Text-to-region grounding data
--- --- ---
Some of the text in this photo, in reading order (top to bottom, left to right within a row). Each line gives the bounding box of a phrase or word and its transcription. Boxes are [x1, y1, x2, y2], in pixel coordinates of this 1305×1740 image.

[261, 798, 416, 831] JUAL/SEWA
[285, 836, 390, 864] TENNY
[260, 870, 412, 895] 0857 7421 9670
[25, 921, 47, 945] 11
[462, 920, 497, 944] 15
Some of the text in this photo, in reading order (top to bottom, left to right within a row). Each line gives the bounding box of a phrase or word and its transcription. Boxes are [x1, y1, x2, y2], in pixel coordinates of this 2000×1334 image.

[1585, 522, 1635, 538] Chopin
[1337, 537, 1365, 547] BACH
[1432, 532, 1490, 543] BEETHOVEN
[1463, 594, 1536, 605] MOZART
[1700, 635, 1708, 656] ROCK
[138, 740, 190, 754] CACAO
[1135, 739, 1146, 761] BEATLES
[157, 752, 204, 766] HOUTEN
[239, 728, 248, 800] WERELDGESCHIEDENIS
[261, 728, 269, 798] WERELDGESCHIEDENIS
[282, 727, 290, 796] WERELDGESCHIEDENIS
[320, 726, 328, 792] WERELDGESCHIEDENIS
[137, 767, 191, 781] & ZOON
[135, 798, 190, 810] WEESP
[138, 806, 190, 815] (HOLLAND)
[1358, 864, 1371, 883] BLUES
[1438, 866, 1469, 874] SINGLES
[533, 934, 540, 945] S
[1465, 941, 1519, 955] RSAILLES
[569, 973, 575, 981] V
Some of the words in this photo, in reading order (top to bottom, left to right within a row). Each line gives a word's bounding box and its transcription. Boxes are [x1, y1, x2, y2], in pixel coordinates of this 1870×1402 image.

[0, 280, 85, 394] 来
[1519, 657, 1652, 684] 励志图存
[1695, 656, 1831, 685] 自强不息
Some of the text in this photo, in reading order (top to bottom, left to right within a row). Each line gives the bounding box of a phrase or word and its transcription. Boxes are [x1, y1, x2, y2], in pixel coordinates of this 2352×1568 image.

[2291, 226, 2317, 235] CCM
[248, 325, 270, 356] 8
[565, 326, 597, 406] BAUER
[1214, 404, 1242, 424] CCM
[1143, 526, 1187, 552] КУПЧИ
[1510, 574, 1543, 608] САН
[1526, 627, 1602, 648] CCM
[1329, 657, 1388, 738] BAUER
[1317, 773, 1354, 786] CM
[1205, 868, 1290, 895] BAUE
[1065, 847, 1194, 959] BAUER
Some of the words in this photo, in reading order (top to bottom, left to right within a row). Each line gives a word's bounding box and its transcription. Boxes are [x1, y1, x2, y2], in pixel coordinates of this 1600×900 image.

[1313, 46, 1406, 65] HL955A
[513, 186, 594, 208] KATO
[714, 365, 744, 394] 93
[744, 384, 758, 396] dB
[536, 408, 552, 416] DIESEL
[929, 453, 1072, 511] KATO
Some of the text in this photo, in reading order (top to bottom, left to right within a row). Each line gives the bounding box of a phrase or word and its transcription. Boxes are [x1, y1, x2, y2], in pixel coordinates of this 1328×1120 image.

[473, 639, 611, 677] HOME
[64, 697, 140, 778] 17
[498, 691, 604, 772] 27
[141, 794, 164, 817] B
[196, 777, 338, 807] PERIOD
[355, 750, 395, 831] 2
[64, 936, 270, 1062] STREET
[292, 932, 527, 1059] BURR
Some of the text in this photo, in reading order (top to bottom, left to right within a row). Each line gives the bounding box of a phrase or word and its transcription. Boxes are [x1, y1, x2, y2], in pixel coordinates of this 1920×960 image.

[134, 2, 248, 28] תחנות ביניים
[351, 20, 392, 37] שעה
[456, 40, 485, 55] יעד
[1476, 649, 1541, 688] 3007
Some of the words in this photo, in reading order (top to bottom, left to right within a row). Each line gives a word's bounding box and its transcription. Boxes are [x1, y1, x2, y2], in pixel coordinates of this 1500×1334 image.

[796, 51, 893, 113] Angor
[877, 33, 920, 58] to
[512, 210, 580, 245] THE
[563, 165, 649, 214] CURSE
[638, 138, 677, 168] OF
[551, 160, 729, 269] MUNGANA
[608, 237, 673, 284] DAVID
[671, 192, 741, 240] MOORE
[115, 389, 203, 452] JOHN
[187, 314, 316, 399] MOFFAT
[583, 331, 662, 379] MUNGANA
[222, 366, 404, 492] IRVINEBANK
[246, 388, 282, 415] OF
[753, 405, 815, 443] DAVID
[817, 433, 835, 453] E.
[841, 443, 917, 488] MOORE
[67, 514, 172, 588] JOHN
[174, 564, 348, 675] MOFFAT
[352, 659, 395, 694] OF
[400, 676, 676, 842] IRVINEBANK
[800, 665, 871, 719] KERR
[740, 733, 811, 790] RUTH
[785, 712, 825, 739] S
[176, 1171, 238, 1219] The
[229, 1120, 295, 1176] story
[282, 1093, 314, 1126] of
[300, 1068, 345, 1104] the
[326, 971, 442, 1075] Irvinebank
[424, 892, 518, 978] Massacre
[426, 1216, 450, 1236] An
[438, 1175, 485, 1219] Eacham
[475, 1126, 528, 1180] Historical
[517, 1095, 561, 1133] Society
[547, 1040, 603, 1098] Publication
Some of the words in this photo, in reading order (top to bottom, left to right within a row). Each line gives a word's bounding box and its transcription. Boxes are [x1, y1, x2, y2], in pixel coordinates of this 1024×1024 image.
--- --- ---
What the exercise asks
Would you please print every record exactly as written?

Answer to the problem
Some of the text in this photo, in reading order (top to bottom, left to right within a row). Each line gives the bounding box of a phrase or word and its transcription. Boxes are [x1, y1, x2, y2], in pixel coordinates of this 1305×1740 image.

[261, 798, 416, 831] JUAL/SEWA
[285, 836, 390, 864] TENNY
[260, 870, 412, 895] 0857 7421 9670
[25, 921, 47, 945] 11
[462, 920, 497, 944] 15
Some of the text in this photo, in reading order (top to bottom, left to right within a row). Each line gives the bounding box of a phrase or word and its transcription. Boxes are [x1, y1, x2, y2], in pixel coordinates of this 2000×1334 image.

[1585, 522, 1635, 538] Chopin
[1337, 537, 1365, 547] BACH
[1432, 532, 1490, 543] BEETHOVEN
[1463, 594, 1536, 605] MOZART
[1700, 635, 1708, 656] ROCK
[138, 740, 190, 754] CACAO
[1135, 739, 1146, 761] BEATLES
[157, 752, 204, 766] HOUTEN
[239, 728, 248, 800] WERELDGESCHIEDENIS
[261, 728, 269, 798] WERELDGESCHIEDENIS
[282, 727, 290, 796] WERELDGESCHIEDENIS
[320, 726, 328, 792] WERELDGESCHIEDENIS
[137, 767, 191, 781] & ZOON
[135, 798, 190, 810] WEESP
[138, 806, 190, 815] (HOLLAND)
[1358, 864, 1371, 883] BLUES
[1438, 866, 1469, 874] SINGLES
[533, 934, 540, 945] S
[1465, 941, 1519, 955] RSAILLES
[569, 973, 575, 981] V
Some of the words in this photo, in reading order (top to bottom, left to right within a row). Each line gives a word's bounding box and its transcription. Boxes are [x1, y1, x2, y2], in pixel coordinates of this 1870×1402 image.

[0, 280, 85, 394] 来
[1519, 657, 1652, 684] 励志图存
[1695, 656, 1831, 685] 自强不息
Some of the text in this photo, in reading order (top to bottom, left to right within a row). Each line gives the bounding box of a phrase or word and its transcription. Boxes are [x1, y1, x2, y2], in pixel coordinates of this 2352×1568 image.

[2291, 226, 2317, 235] CCM
[248, 325, 270, 356] 8
[565, 326, 597, 406] BAUER
[1214, 404, 1242, 424] CCM
[1143, 526, 1187, 552] КУПЧИ
[1510, 574, 1543, 608] САН
[1526, 627, 1602, 648] CCM
[1329, 657, 1388, 738] BAUER
[1317, 773, 1354, 786] CM
[1205, 868, 1290, 895] BAUE
[1065, 847, 1194, 959] BAUER
Some of the words in this photo, in reading order (top to bottom, left to right within a row). Each line gives a word's bounding box and its transcription. Boxes are [x1, y1, x2, y2], in pixel coordinates of this 1600×900 image.

[1313, 46, 1406, 65] HL955A
[513, 186, 594, 208] KATO
[714, 365, 744, 394] 93
[744, 384, 758, 396] dB
[536, 408, 552, 416] DIESEL
[929, 453, 1072, 511] KATO
Some of the text in this photo, in reading order (top to bottom, left to right within a row). Each line gives the bounding box of a phrase or word and its transcription. Boxes are [x1, y1, x2, y2], in pixel coordinates of this 1328×1120 image.

[473, 639, 611, 677] HOME
[64, 697, 140, 778] 17
[498, 691, 604, 772] 27
[141, 794, 164, 817] B
[196, 777, 338, 807] PERIOD
[355, 750, 395, 831] 2
[64, 936, 270, 1062] STREET
[292, 932, 527, 1059] BURR
Some of the text in this photo, in reading order (top to bottom, left to right within a row). Each line gives the bounding box of a phrase or word and its transcription. Boxes are [x1, y1, x2, y2], in pixel coordinates of this 1920×960 image.

[134, 2, 248, 28] תחנות ביניים
[351, 20, 392, 37] שעה
[456, 40, 485, 55] יעד
[1476, 649, 1541, 688] 3007
Some of the words in this photo, in reading order (top to bottom, left to right within a row). Each line gives a word's bounding box and its transcription. Boxes are [x1, y1, x2, y2], in pixel coordinates of this 1500×1334 image.

[796, 51, 893, 113] Angor
[877, 33, 920, 58] to
[512, 210, 580, 245] THE
[563, 165, 649, 214] CURSE
[638, 138, 677, 168] OF
[551, 160, 729, 269] MUNGANA
[608, 237, 673, 284] DAVID
[671, 192, 741, 240] MOORE
[115, 389, 203, 452] JOHN
[187, 314, 316, 399] MOFFAT
[583, 331, 662, 379] MUNGANA
[222, 366, 404, 492] IRVINEBANK
[246, 388, 282, 415] OF
[753, 405, 815, 443] DAVID
[817, 433, 835, 453] E.
[841, 443, 917, 488] MOORE
[67, 514, 172, 588] JOHN
[174, 564, 348, 675] MOFFAT
[352, 659, 395, 694] OF
[400, 676, 676, 842] IRVINEBANK
[800, 665, 871, 719] KERR
[740, 733, 811, 790] RUTH
[785, 712, 825, 739] S
[176, 1171, 238, 1219] The
[229, 1120, 295, 1176] story
[282, 1093, 314, 1126] of
[300, 1068, 345, 1104] the
[326, 971, 442, 1075] Irvinebank
[424, 892, 518, 978] Massacre
[426, 1216, 450, 1236] An
[438, 1175, 485, 1219] Eacham
[475, 1126, 528, 1180] Historical
[517, 1095, 561, 1133] Society
[547, 1040, 603, 1098] Publication
Some of the words in this photo, in reading order (top to bottom, left to right within a row). Each line gives a word's bounding box and its transcription. Boxes are [x1, y1, x2, y2], in pixel coordinates of this 1024×1024 image.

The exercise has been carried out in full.